Almost 50 volume and SME housebuilders based in England were surveyed as part of the firm's Residential Development Land Index for Q1 2021. According to the data, over 50% of respondents said residential land supply was “limited”. Only 2% of respondents thought land was “abundant”.
For Q1, a third of housebuilders surveyed cited planning delays as a challenging issue during the period and 21% pointed to the availability of land. Only 7% said the UK’s medium-to-long-term economic outlook had been a concern.
Looking to the next three months, 21% selected availability of land as the most pressing issue, with 18% choosing planning reforms and policy uncertainty and 15% supply chain delays”.
The survey also found that 19% of larger housebuilders saw the new Help to Buy as another key focus for Q2, alongside the availability of land and planning reform.
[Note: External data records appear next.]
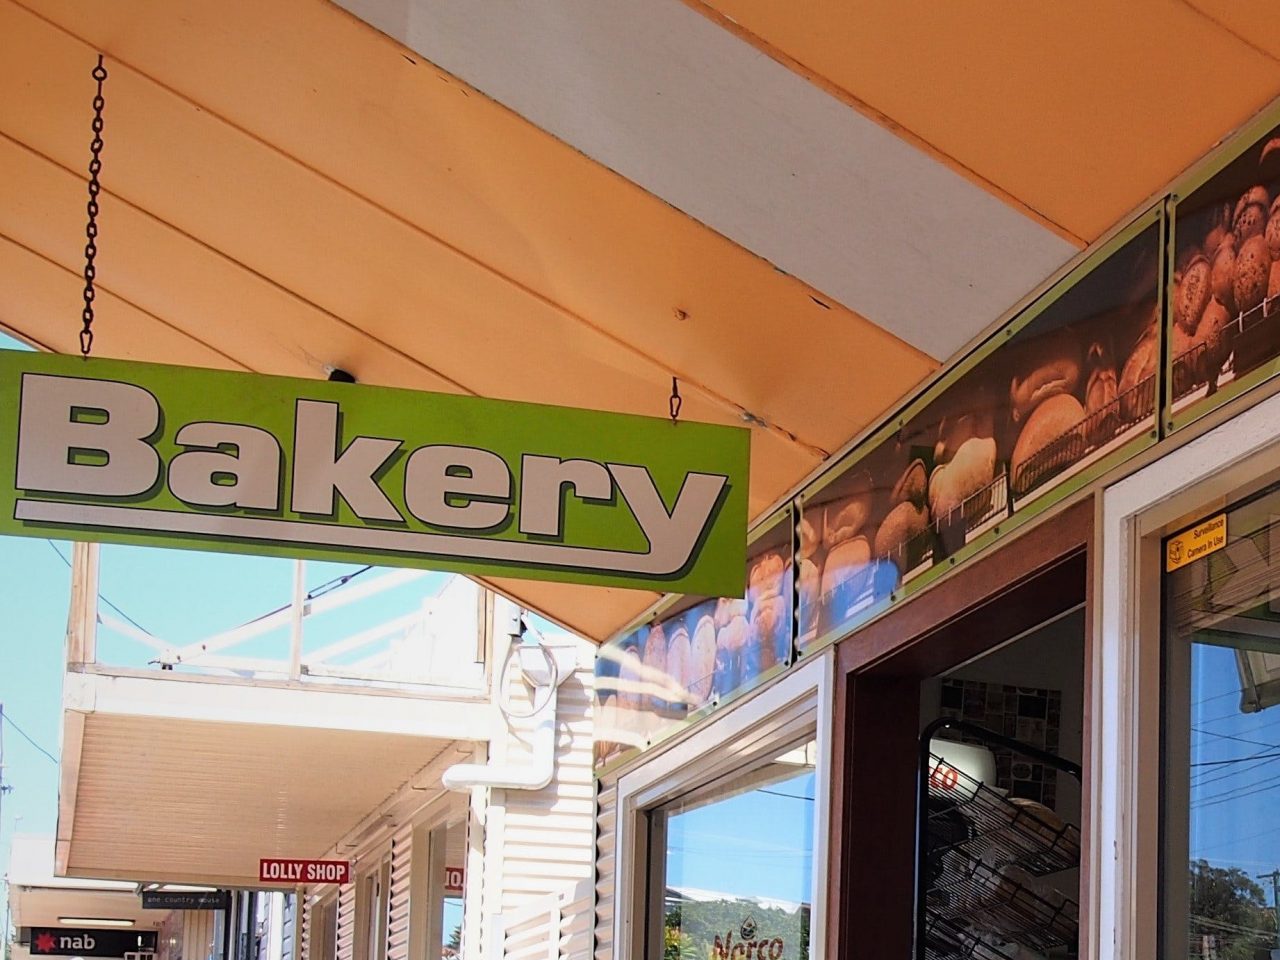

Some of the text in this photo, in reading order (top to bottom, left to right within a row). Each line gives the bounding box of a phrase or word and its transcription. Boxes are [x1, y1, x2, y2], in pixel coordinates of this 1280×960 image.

[14, 371, 730, 577] Bakery
[1193, 518, 1224, 540] Surveillance
[1187, 543, 1207, 558] Camera
[1213, 535, 1224, 547] Use
[262, 862, 346, 881] LOLLY SHOP
[59, 933, 96, 950] nab
Knight Frank said that land supply shortages were leading to an expectation that prices would rise, and 55% of its survey respondents said they thought this would happen in quarter two. Meanwhile, 38% predicted land values would remain the same; 7% anticipated a decrease.
The property consultancy’s latest index showed that in Q1, urban brownfield and greenfield land values grew by 0.2% and 0.9% respectively between January and March 2021.
But values were lower on an annual basis, with the value of greenfield development land dropping 4.8% and urban brownfield land falling 2.2% against 2020.
Justin Gaze, Knight Frank’s head of residential development land, comments: “We are seeing a sense of normality return to the market for the first time since the pandemic struck.
“New sites are quickly going under offer at the top end of our price expectations, and there is a severe lack of land availability for both medium and larger schemes. So much so that we’re seeing housebuilders being increasingly competitive in order to compete on sought-after sites of 50 units and above.”